* **PROMPT**:
Copy out the listing that follows exactly, dropping every picture.
**********
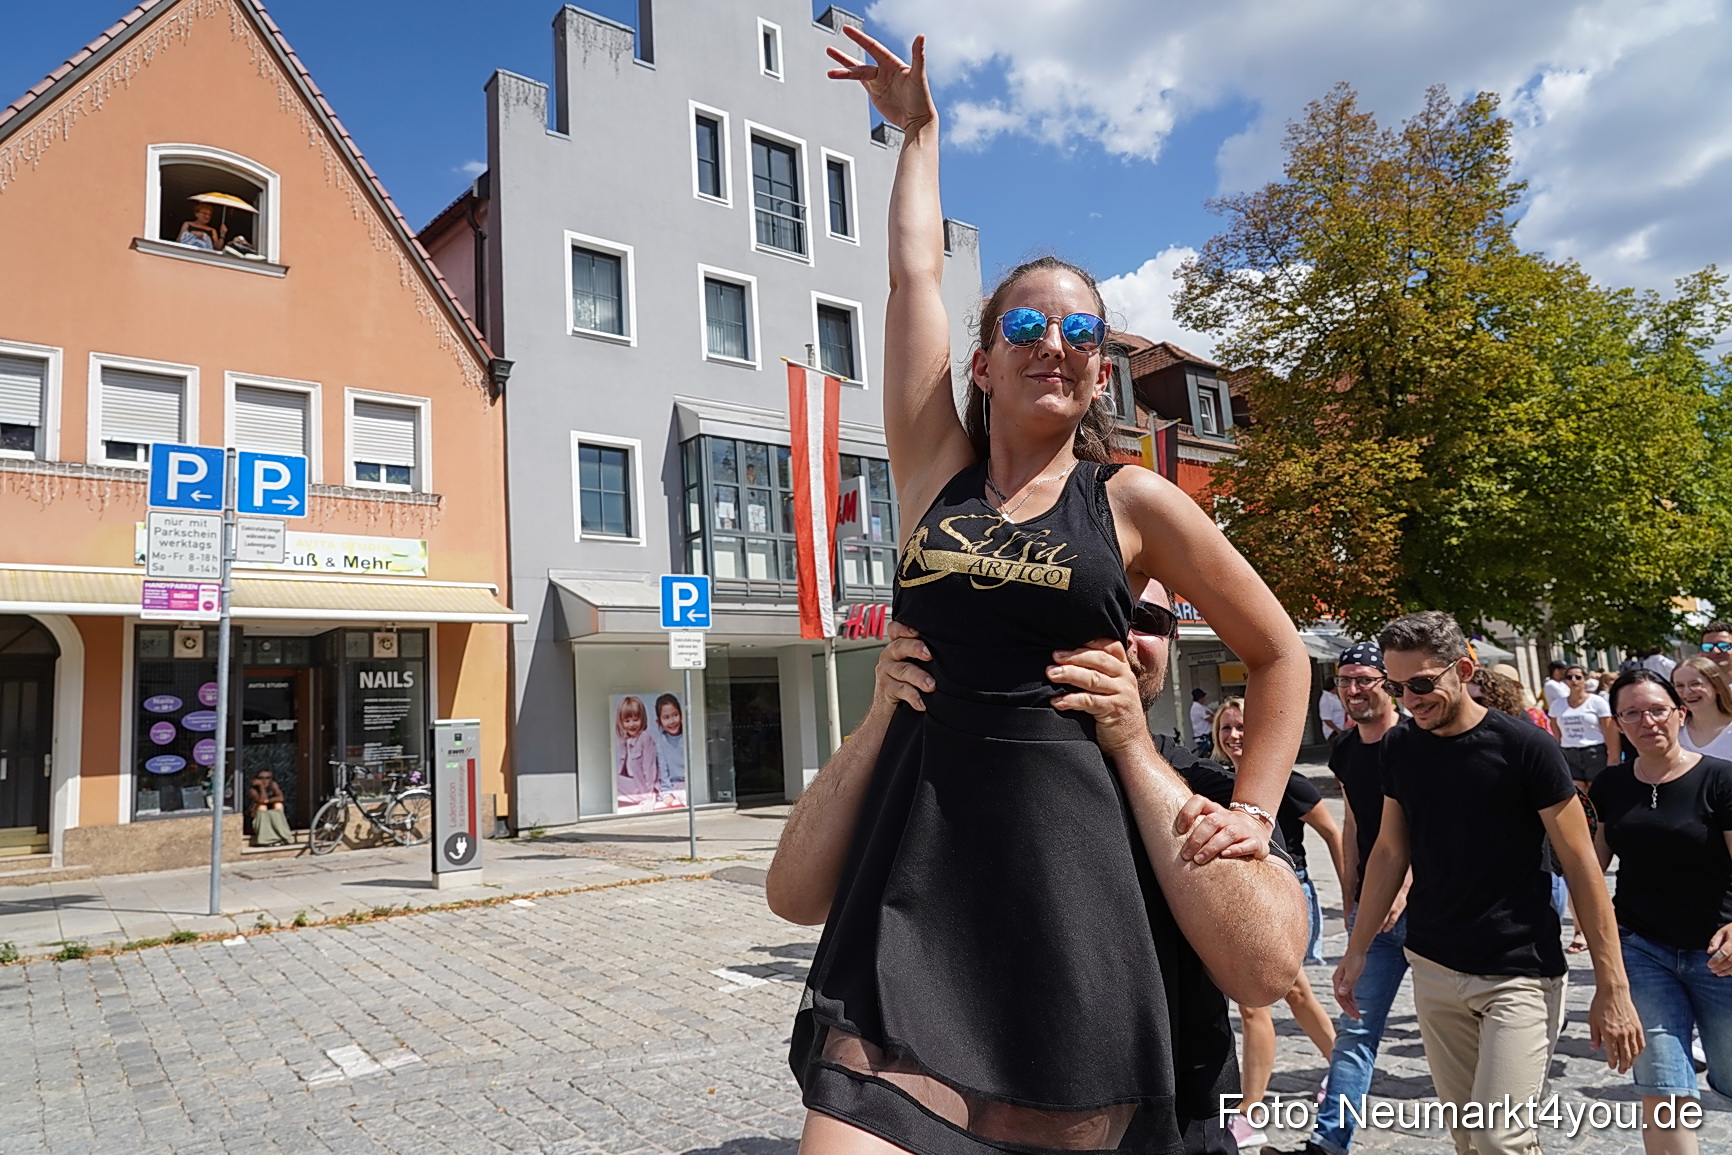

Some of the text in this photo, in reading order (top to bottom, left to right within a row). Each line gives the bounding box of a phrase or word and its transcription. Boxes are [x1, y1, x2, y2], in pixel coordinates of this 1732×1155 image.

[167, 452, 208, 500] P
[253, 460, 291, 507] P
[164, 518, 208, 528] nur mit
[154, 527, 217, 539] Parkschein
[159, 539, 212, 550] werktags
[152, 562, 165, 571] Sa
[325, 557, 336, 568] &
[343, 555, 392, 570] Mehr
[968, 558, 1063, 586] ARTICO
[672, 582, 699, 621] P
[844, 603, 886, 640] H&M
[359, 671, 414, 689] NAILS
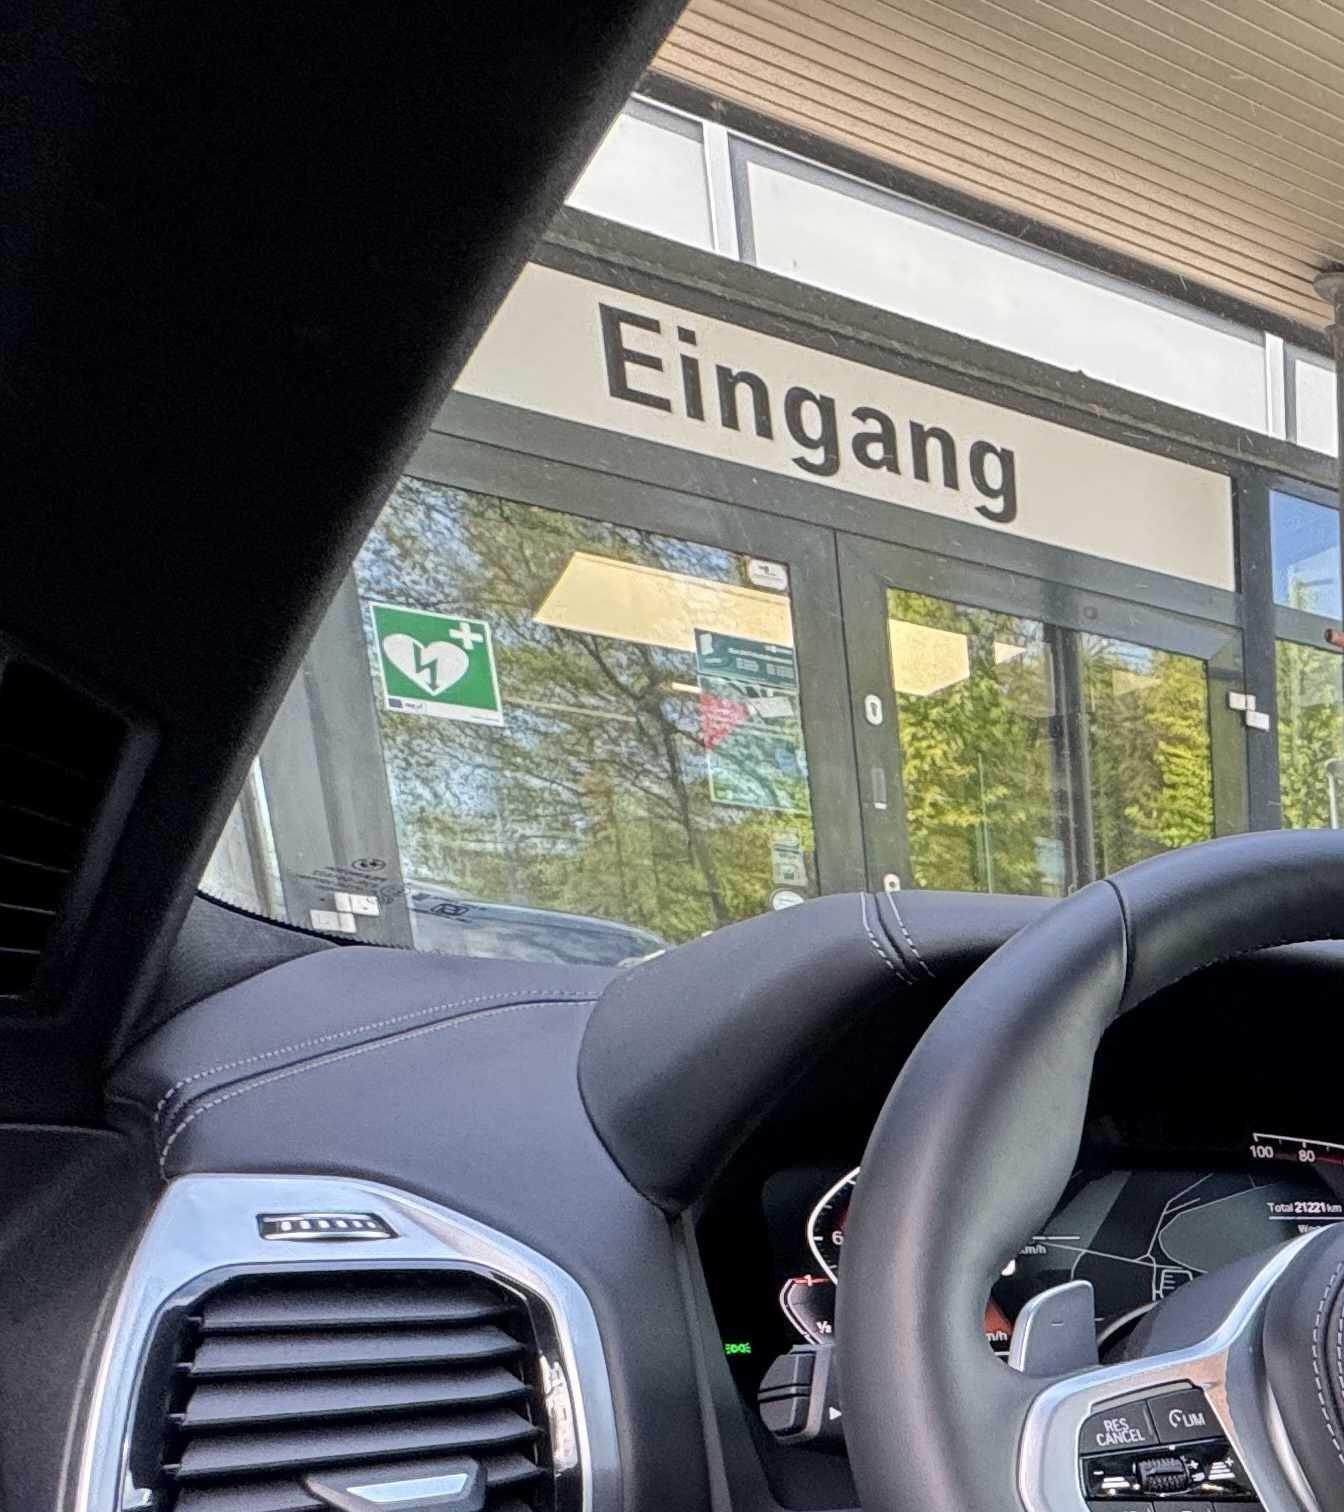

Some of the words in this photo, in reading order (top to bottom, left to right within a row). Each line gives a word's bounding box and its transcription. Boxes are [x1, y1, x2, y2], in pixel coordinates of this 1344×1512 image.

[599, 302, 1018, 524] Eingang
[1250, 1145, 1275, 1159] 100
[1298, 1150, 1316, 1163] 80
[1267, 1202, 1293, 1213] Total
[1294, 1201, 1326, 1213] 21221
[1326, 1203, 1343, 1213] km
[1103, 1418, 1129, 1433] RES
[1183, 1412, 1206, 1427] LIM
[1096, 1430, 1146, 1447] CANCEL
**********
* **OUTPUT OF THE TASK**:
Some of the text in this photo, in reading order (top to bottom, left to right within a row). Each line gives the bounding box of a phrase or word and its transcription. Boxes are [x1, y1, x2, y2], in pixel coordinates of this 1732×1155 image.

[167, 452, 208, 500] P
[253, 460, 291, 507] P
[164, 518, 208, 528] nur mit
[154, 527, 217, 539] Parkschein
[159, 539, 212, 550] werktags
[152, 562, 165, 571] Sa
[325, 557, 336, 568] &
[343, 555, 392, 570] Mehr
[968, 558, 1063, 586] ARTICO
[672, 582, 699, 621] P
[844, 603, 886, 640] H&M
[359, 671, 414, 689] NAILS

Some of the words in this photo, in reading order (top to bottom, left to right within a row). Each line gives a word's bounding box and its transcription. Boxes are [x1, y1, x2, y2], in pixel coordinates of this 1344×1512 image.

[599, 302, 1018, 524] Eingang
[1250, 1145, 1275, 1159] 100
[1298, 1150, 1316, 1163] 80
[1267, 1202, 1293, 1213] Total
[1294, 1201, 1326, 1213] 21221
[1326, 1203, 1343, 1213] km
[1103, 1418, 1129, 1433] RES
[1183, 1412, 1206, 1427] LIM
[1096, 1430, 1146, 1447] CANCEL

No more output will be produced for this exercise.